Jesus respondeu: “Eu vi Satanás cair do céu, como um relâmpago (v. 18).

O Satanás (satã em hebraico: fiscal ou rival) comparece à corte celeste para acusar os homens (Zc 3,1-2; Jó 1-2) e exerceu no mundo o poder daquele que ostenta: “o deram a mim, e dou a quem quero” (Lc 4,6). Agora foi derrubado do seu lugar, como o imperador emblemático de Babilônia, “caído do céu, abatido até o abismo” (Is 14,12.14; cf. Lc 10,15). Para Lc, esta queda de Satanás não é anúncio apocalíptico (Ap 12,7-12), mas experiência da missão que acontece sempre quando o evangelho é aceito por pessoas e as tira do poder do mal (cf. Sl 91,13).

Eu vos dei o poder de pisar em cima de cobras e escorpiões e sobre toda a força do inimigo. E nada vos poderá fazer mal. Contudo, não vos alegreis porque os espíritos vos obedecem. Antes, ficai alegres porque vossos nomes estão escritos no céu” (vv. 19-20).

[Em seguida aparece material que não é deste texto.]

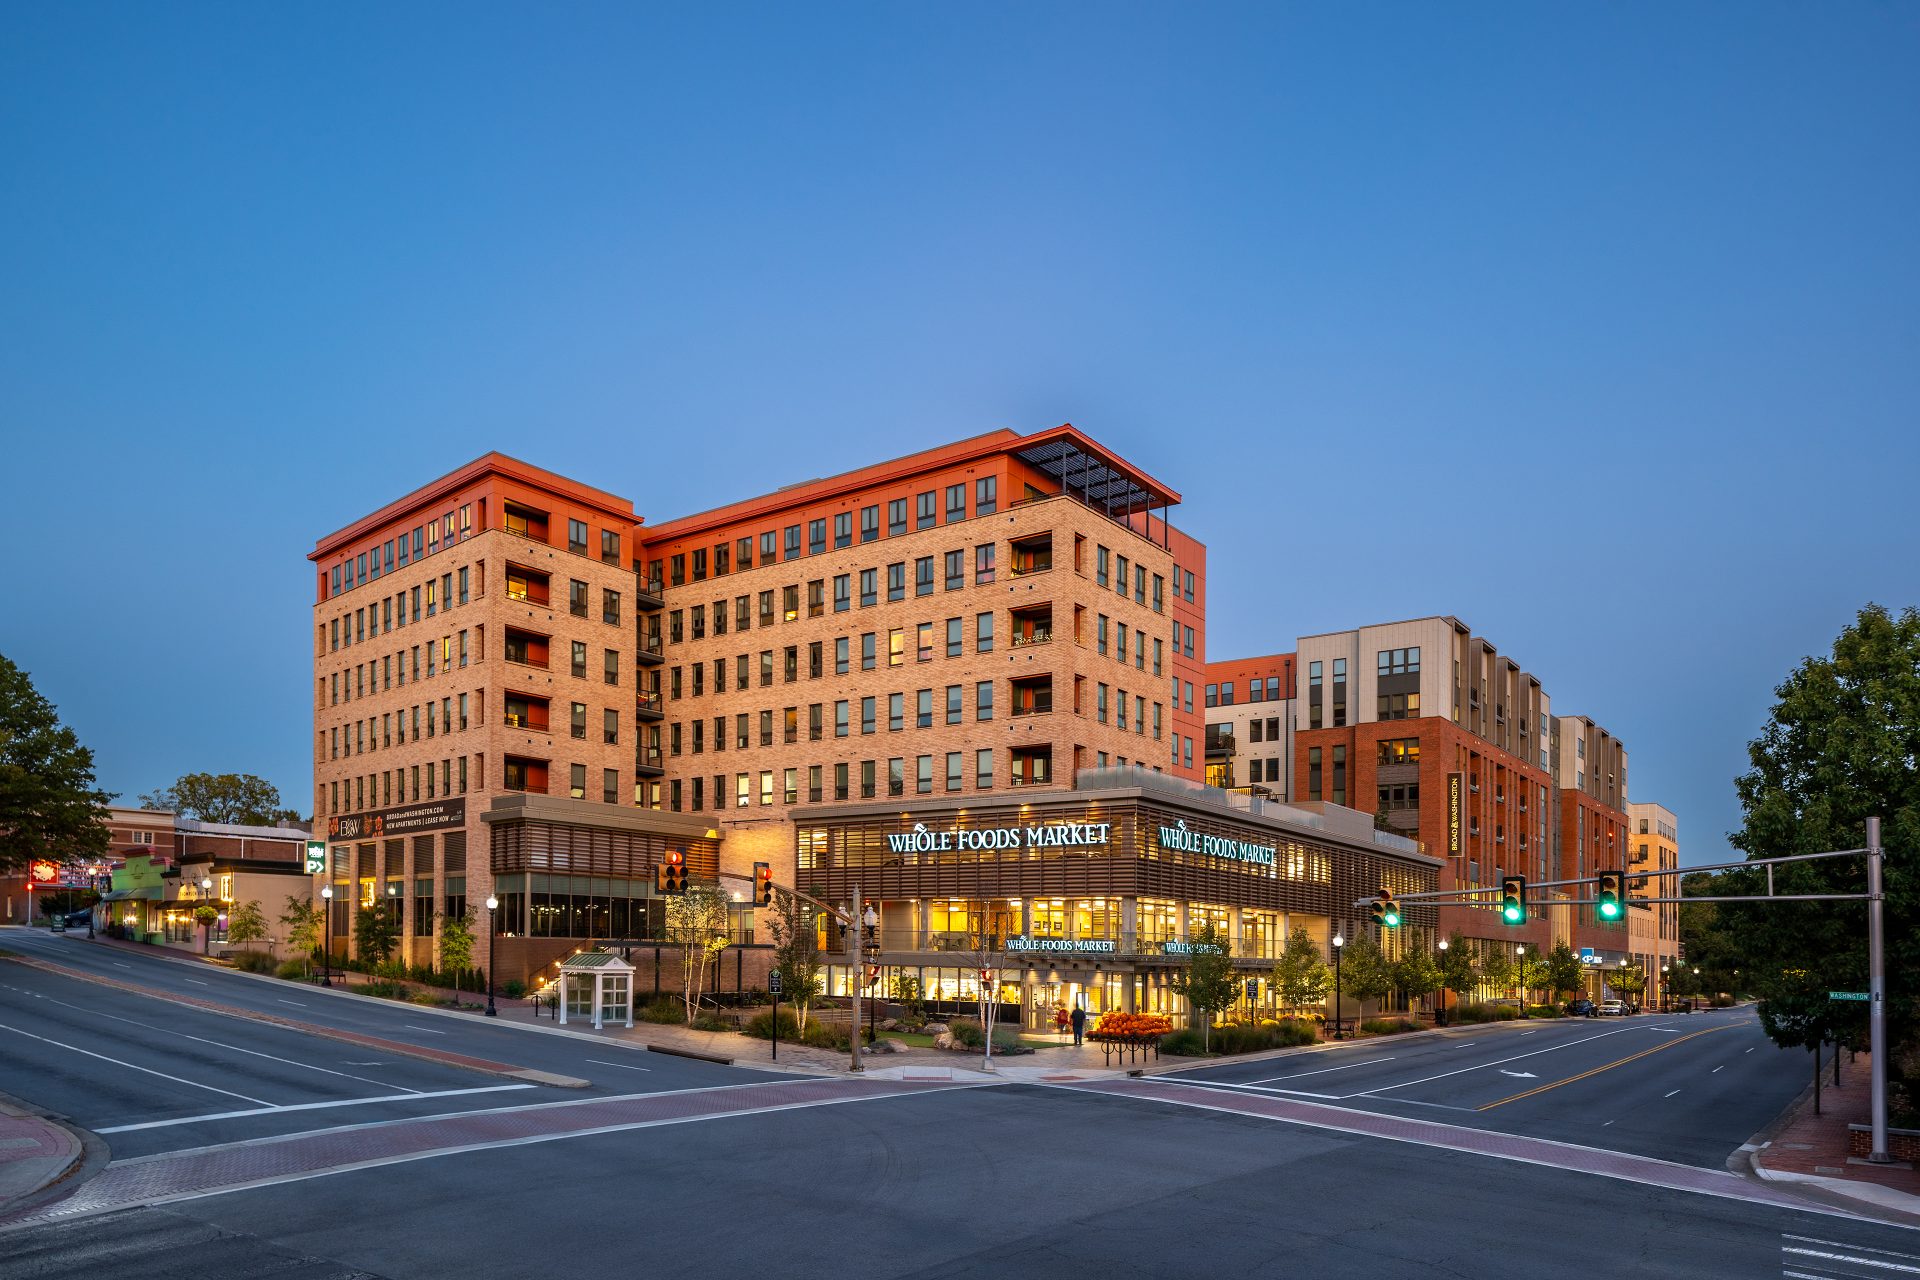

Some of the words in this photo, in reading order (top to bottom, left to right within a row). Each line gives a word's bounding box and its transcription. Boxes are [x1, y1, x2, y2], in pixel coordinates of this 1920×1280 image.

[395, 819, 422, 828] APARTMENTS
[425, 816, 438, 825] LEASE
[439, 815, 450, 823] NOW
[887, 823, 951, 852] WHOLE
[957, 828, 1021, 850] FOODS
[1026, 823, 1110, 848] MARKET
[1160, 820, 1201, 853] WHOLE
[1203, 835, 1237, 859] FOODS
[1238, 842, 1276, 865] MARKET
[1006, 935, 1040, 950] WHOLE
[1041, 940, 1073, 951] FOODS
[1074, 940, 1115, 952] MARKET
[1165, 938, 1186, 953] WHOLE

Graças à vitória de Jesus sobre Satanás já no deserto (4,1-12), os discípulos submeterão as potências do mal. Nenhuma resistência pode parar o evangelho do reino (cf. v. 11). O “poder e autoridade” que Jesus dá para a missão (cf. 9,1p) é o Espírito Santo, guia no caminho (4,1.14; At 8,29.39; 10,19; 11,12; 13,2.4; 20,22s) e princípio do envio (4,18; At 13,2-4). Não se deve entender ao pé da letra “poder sobre cobras e escorpiões” como proteção contra a natureza, mas “toda a força do inimigo” significa as forças astutas e perigosas do mal (como a serpente Gn 3; cf. Sl 91,13; Ez 2,6; Mc 16,17s).

Não basta submeter o inimigo de baixo, mais importante é pertencer ao Reino de cima, estar inscrito em seu registro: “O Senhor escreverá no registro dos povos: Ele nasceu ali” (Sl 87,6; cf. Ex 32,32; Dn 7,10; Ap 20,11.15).

Em seguida, Jesus exulta no Espírito Santo e louva o Pai pela fé dos pequeninos (vv. 21-22, omitidos).

A Nova Bíblia Pastoral (p. 1268) comenta: A ação dos discípulos produz os efeitos esperados. Mas o poder que eles receberam não deve ser motivo de orgulho e vanglória. O que interesssa é a contribuição decisiva que deram para o enfretamento do mal e para a libertação de tantas pessoas, que tiveram recuperada a dignidade de suas vidas.